The answer must be an exact copy of the records below, with every picture left out.

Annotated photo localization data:
···

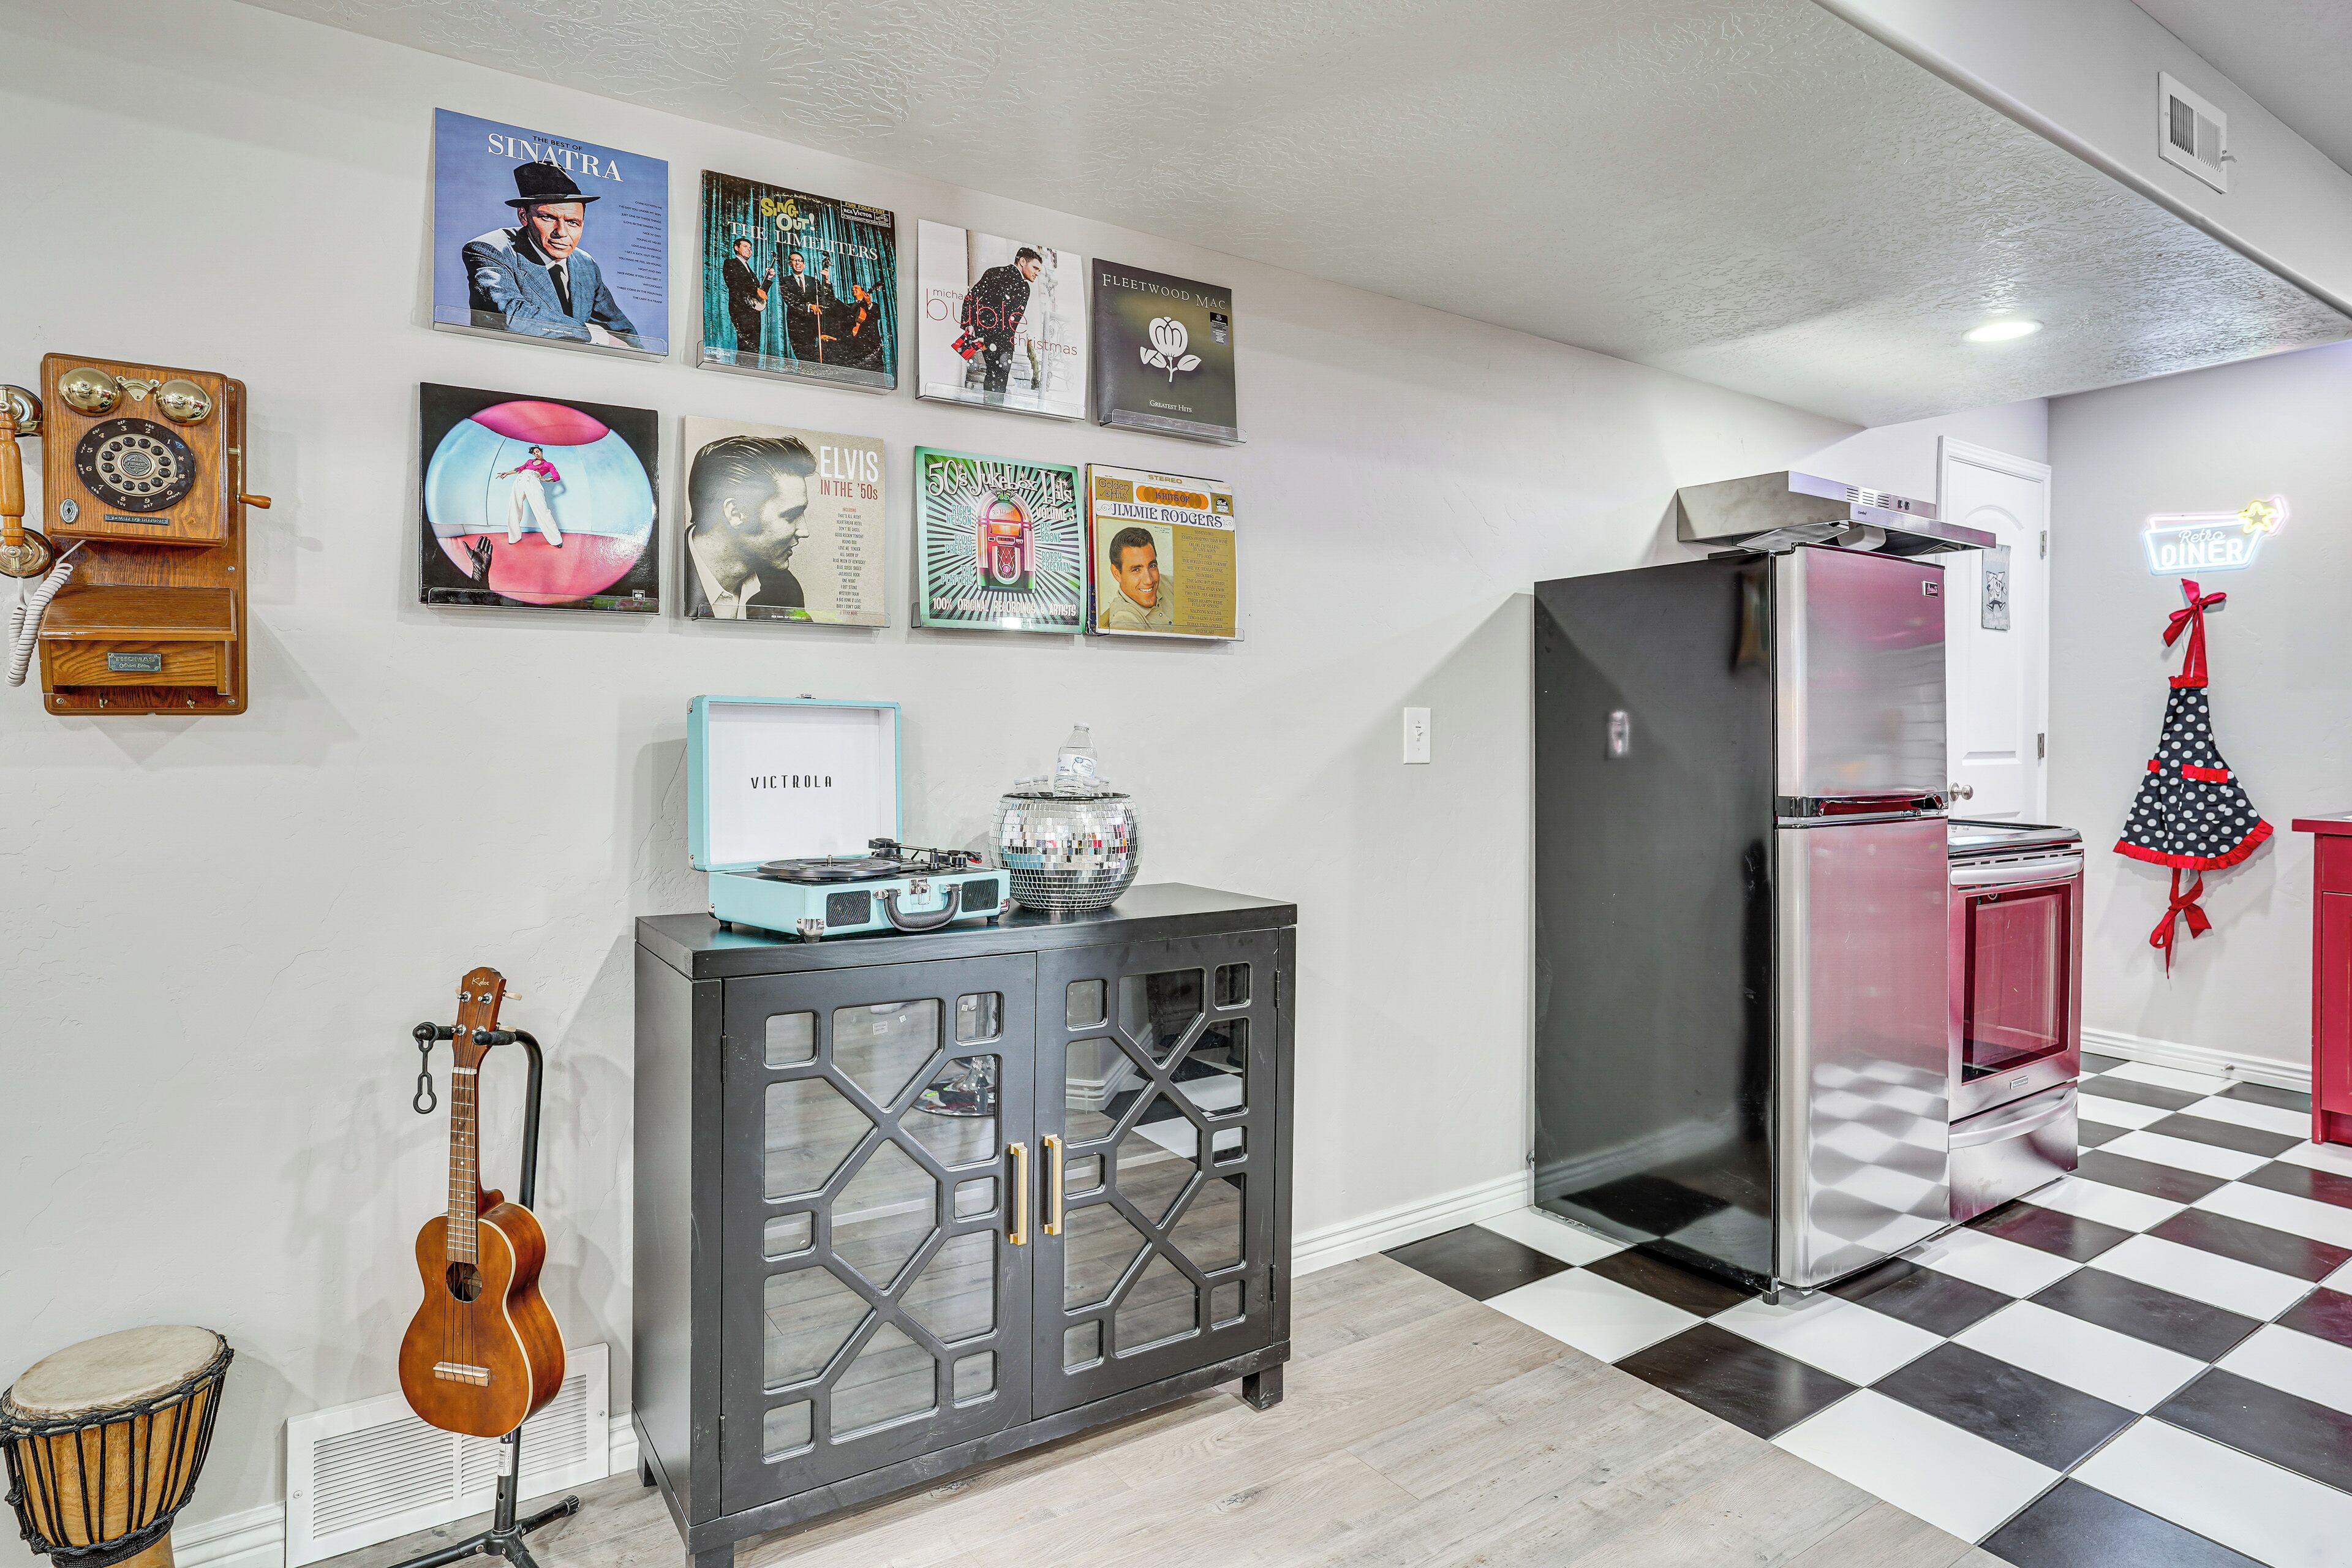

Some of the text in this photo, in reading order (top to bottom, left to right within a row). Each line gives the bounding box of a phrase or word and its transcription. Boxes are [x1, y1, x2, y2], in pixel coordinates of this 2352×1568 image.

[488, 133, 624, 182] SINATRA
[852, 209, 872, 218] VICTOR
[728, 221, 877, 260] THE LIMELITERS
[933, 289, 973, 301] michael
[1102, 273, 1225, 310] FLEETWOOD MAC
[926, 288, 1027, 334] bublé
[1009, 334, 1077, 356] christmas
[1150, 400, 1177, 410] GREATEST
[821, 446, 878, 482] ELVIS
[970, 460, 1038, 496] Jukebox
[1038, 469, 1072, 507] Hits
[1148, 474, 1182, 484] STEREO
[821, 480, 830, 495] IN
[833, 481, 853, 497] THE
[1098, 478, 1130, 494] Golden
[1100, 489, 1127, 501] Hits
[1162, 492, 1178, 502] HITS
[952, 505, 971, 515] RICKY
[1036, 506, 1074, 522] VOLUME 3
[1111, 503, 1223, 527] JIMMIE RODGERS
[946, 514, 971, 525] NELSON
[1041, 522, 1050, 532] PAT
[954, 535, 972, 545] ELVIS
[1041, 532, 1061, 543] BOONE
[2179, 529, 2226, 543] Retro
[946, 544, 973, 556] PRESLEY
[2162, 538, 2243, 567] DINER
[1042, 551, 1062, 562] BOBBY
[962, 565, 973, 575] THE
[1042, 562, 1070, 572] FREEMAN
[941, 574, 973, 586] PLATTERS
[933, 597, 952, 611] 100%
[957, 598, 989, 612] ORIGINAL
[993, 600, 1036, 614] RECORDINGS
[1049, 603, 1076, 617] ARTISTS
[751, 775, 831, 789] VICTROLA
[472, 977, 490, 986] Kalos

···

# [Answer below]
Some of the text in this photo, in reading order (top to bottom, left to right within a row). Each line gives the bounding box of a phrase or word and its transcription. Boxes are [x1, y1, x2, y2], in pixel coordinates of this 2352×1568 image.

[488, 133, 624, 182] SINATRA
[852, 209, 872, 218] VICTOR
[728, 221, 877, 260] THE LIMELITERS
[933, 289, 973, 301] michael
[1102, 273, 1225, 310] FLEETWOOD MAC
[926, 288, 1027, 334] bublé
[1009, 334, 1077, 356] christmas
[1150, 400, 1177, 410] GREATEST
[821, 446, 878, 482] ELVIS
[970, 460, 1038, 496] Jukebox
[1038, 469, 1072, 507] Hits
[1148, 474, 1182, 484] STEREO
[821, 480, 830, 495] IN
[833, 481, 853, 497] THE
[1098, 478, 1130, 494] Golden
[1100, 489, 1127, 501] Hits
[1162, 492, 1178, 502] HITS
[952, 505, 971, 515] RICKY
[1036, 506, 1074, 522] VOLUME 3
[1111, 503, 1223, 527] JIMMIE RODGERS
[946, 514, 971, 525] NELSON
[1041, 522, 1050, 532] PAT
[954, 535, 972, 545] ELVIS
[1041, 532, 1061, 543] BOONE
[2179, 529, 2226, 543] Retro
[946, 544, 973, 556] PRESLEY
[2162, 538, 2243, 567] DINER
[1042, 551, 1062, 562] BOBBY
[962, 565, 973, 575] THE
[1042, 562, 1070, 572] FREEMAN
[941, 574, 973, 586] PLATTERS
[933, 597, 952, 611] 100%
[957, 598, 989, 612] ORIGINAL
[993, 600, 1036, 614] RECORDINGS
[1049, 603, 1076, 617] ARTISTS
[751, 775, 831, 789] VICTROLA
[472, 977, 490, 986] Kalos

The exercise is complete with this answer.